> [What you will do]: Could you reproduce all of the entries below without a single change?

> [Dataset entries]:
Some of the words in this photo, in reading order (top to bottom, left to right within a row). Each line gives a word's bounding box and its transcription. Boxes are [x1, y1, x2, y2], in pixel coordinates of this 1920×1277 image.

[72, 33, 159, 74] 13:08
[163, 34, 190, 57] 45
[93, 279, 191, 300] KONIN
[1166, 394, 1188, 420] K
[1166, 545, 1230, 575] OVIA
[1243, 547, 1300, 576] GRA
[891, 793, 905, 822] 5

> [Your solution]:
Some of the words in this photo, in reading order (top to bottom, left to right within a row). Each line gives a word's bounding box and its transcription. Boxes are [x1, y1, x2, y2], in pixel coordinates of this 1920×1277 image.

[72, 33, 159, 74] 13:08
[163, 34, 190, 57] 45
[93, 279, 191, 300] KONIN
[1166, 394, 1188, 420] K
[1166, 545, 1230, 575] OVIA
[1243, 547, 1300, 576] GRA
[891, 793, 905, 822] 5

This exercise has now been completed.